Each spark advance can be adjusted in real time, every stroke, to maintain a low, smooth idle. Since emissions are regulated not as a percentage of the exhaust but the total amount emitted, This favors small engines for obvious reasons as well as explaining Stop/Start systems. A low idle makes meeting the standards easier even with a large engine. Also stopping the engine at the “best” point to re-start using Stop/Start systems uses that info, too.
As for state emissions checks, they don’t have the necessary equipment to measure all the things required by the regs. They are just taking a snapshot to prove the car is still in compliance. Some states don’t even use tailpipe sniffers or a roll test, they just look for the CEL.
hmmm … The 1992 4afe engine uses batch firing for the injectors, all 4 are fired by one signal. And the crank/cam sensors are inside the distributor, so the resolution steps probably aren’t quite as precise. Are you saying MM that most cars w/electronic ignition systems these days do this same thing? i.e. if you examine the idle ignition timing w/a timing light on the harmonic balancer, it won’t be rock steady at idle, instead it jumps around +/- 5 degrees? Thanks for the description of how it works, but I still don’t quite understand all that’s involved I guess.

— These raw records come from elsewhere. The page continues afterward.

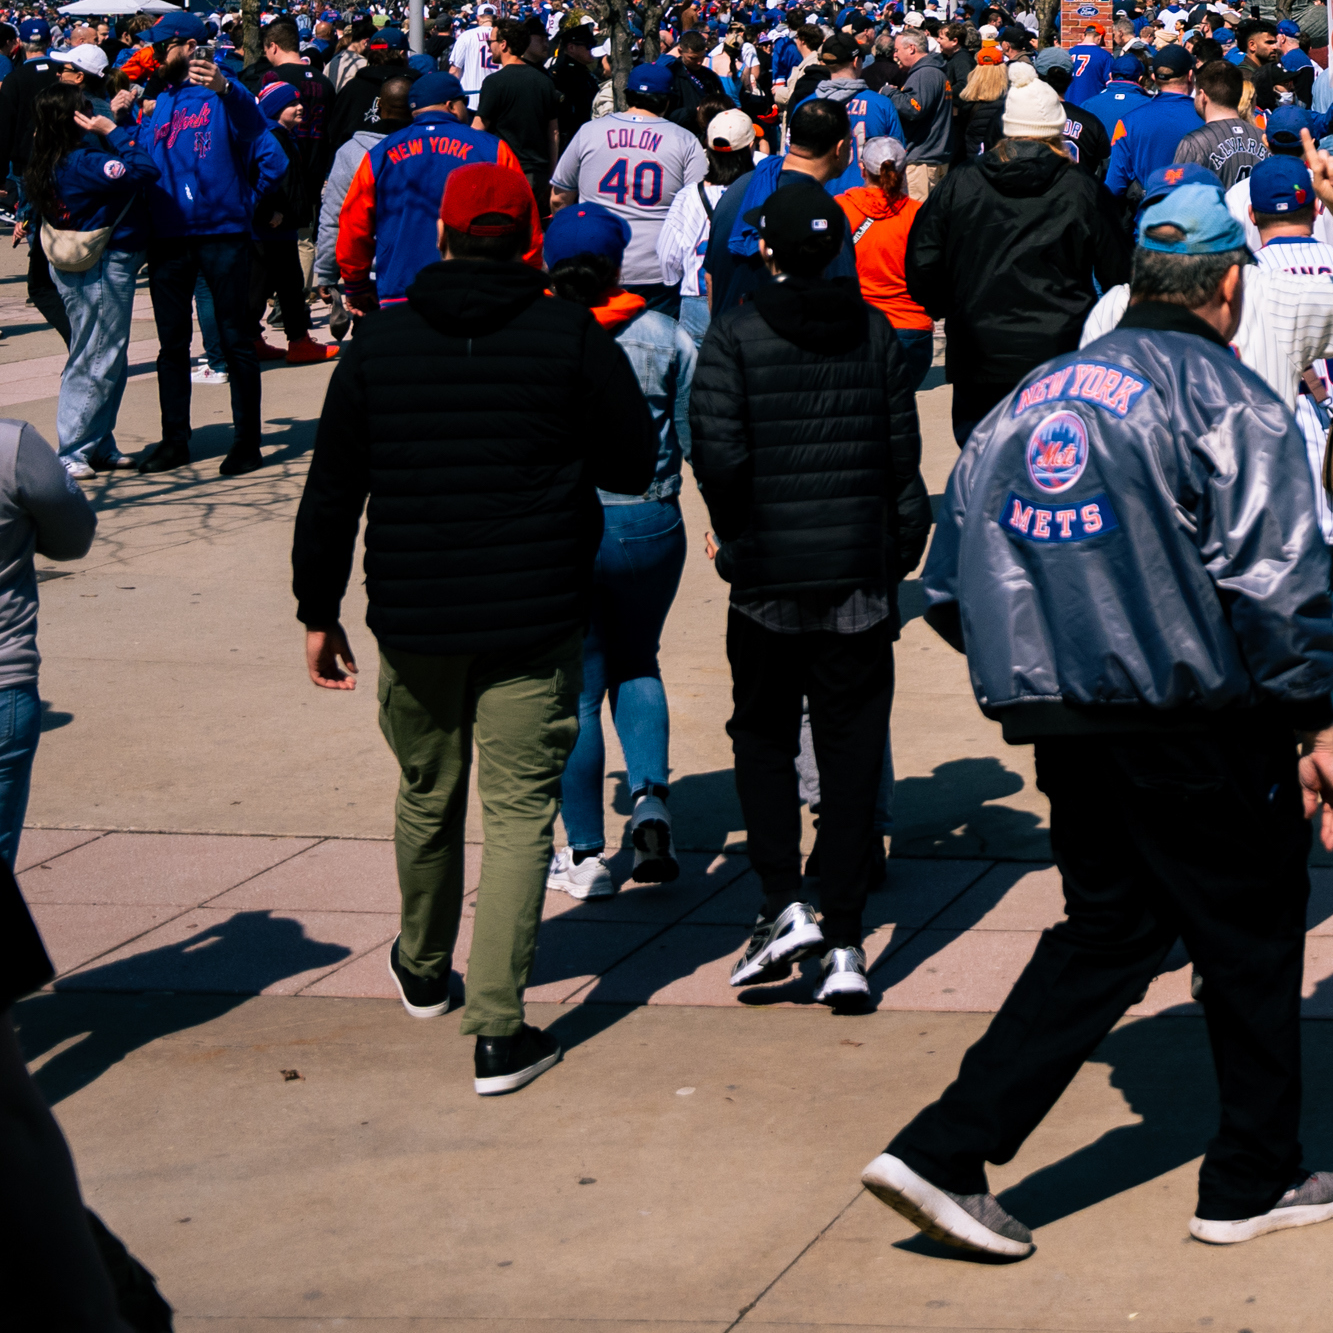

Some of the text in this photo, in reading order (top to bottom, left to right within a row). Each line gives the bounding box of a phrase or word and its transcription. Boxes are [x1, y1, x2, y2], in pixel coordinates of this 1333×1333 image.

[476, 32, 491, 43] LIN
[479, 44, 500, 70] 12
[387, 136, 474, 164] NEW YORK
[606, 127, 663, 153] COLÓN
[1209, 137, 1272, 170] ALVARE
[597, 157, 664, 207] 40
[1014, 364, 1144, 414] NEW YORK
[1036, 441, 1078, 467] Mets
[1009, 499, 1104, 538] METS

State emissions inspection programs for those states (and in some areas counties) required to have them must be and are approved by the EPA on a case-by-case (state-by-state or, in some cases county-by-county) basis. When NH went to OBDII verification rather than combustion analyzers (sniffers) some years ago, we were required to create and get approved by the EPA a replacement plan.

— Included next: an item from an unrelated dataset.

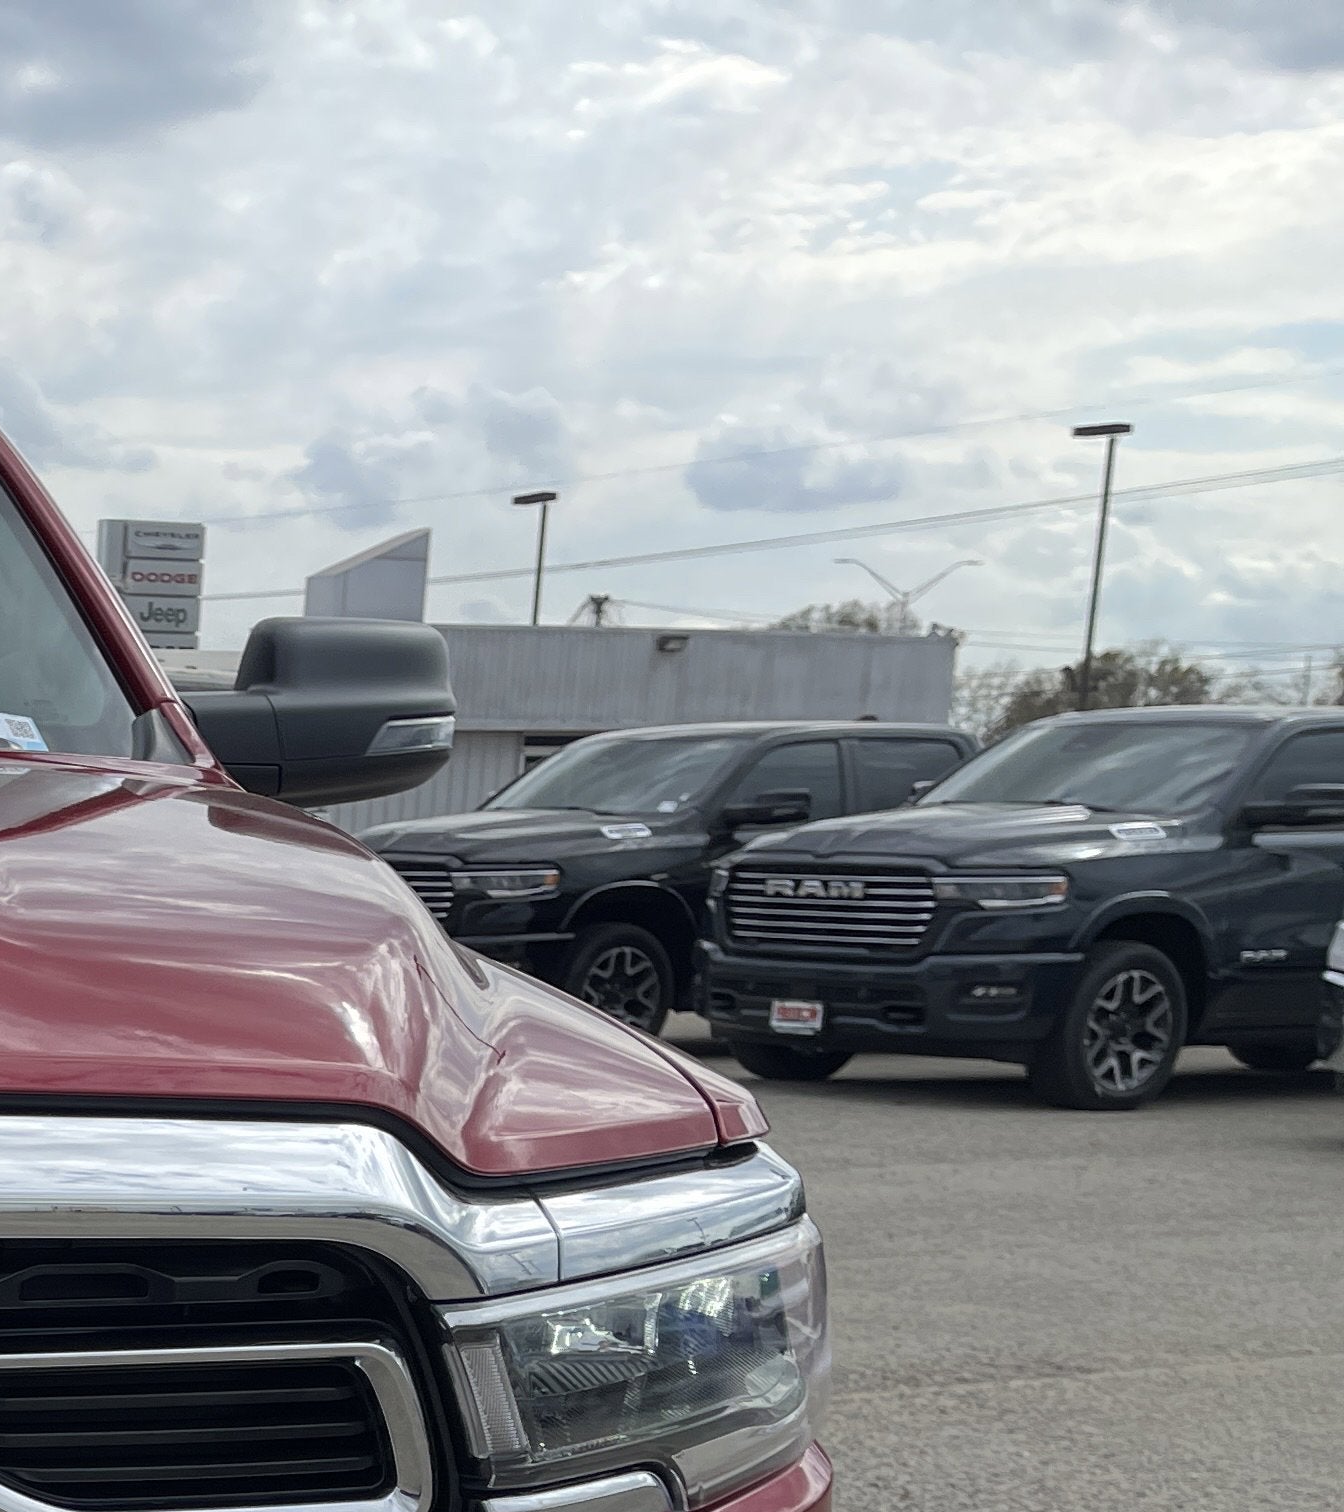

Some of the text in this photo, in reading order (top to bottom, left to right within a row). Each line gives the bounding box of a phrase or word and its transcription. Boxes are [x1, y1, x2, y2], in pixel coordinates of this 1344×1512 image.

[131, 571, 197, 585] DODGE
[139, 601, 187, 628] Jeep
[765, 879, 865, 898] RAM

For the record, I learned about the county-by-county detail when I moved to my current town and no longer had to pass emissions testing while the county I moved from still did. I was happy. 
It isn’t a matter of insufficient equipment. The inspection stations don’t test based upon the technical requirements of the Clean Air Act as modified. They test to the EPA approved program mandated by their respective state.
I don’t know if all managed engines do this. I learned of this technique from a Delphi friend that did engine management software. It was just a normal tool in their toolbox to control the engine. If similar tools were not in every tuner’s toolbox, I’d be very surprised. Your description of the timing bouncing around on your older engine matched that “tool” to a T. I can’t think of any other reason to flail the timing around at idle except to steady the engine. Heck we USED to see that as a sign the centrifugal advance springs were broken!
Consider if the engine slows just a bit, more timing can be added to boost the idle speed - we did that manually back in the day, right? Backing off the timing slows the idle speed. That’ why you adjusted dwell first, timing second and idle last on a tune-up. Even if Toyota did that for the bulk timing rather than individual cylinders, it would still be an effective tool for balancing idle speed.
I get the sense this isn’t a common thing, at least not in most newer cars. B/c it would be obvious to anyone pointing a timing light at the harmonic balancer; folks here would report they’d noticed it happening on their own cars. I’m guessing the main reason isn’t to steady the idle, but for idle emissions reasons. Like I say, back when the Corolla was new, the only tailpipe test required was at idle. If the manufacturer could somehow squeak by at idle by hook or by crook, they’d be home free. Later on the Calif Air Resources Board must have figured out the trick, and as a countermeasure required cars like mine using this trick to undergo treadmill tailpipe testing at 15 and 25 mph instead. Speculating is all of course.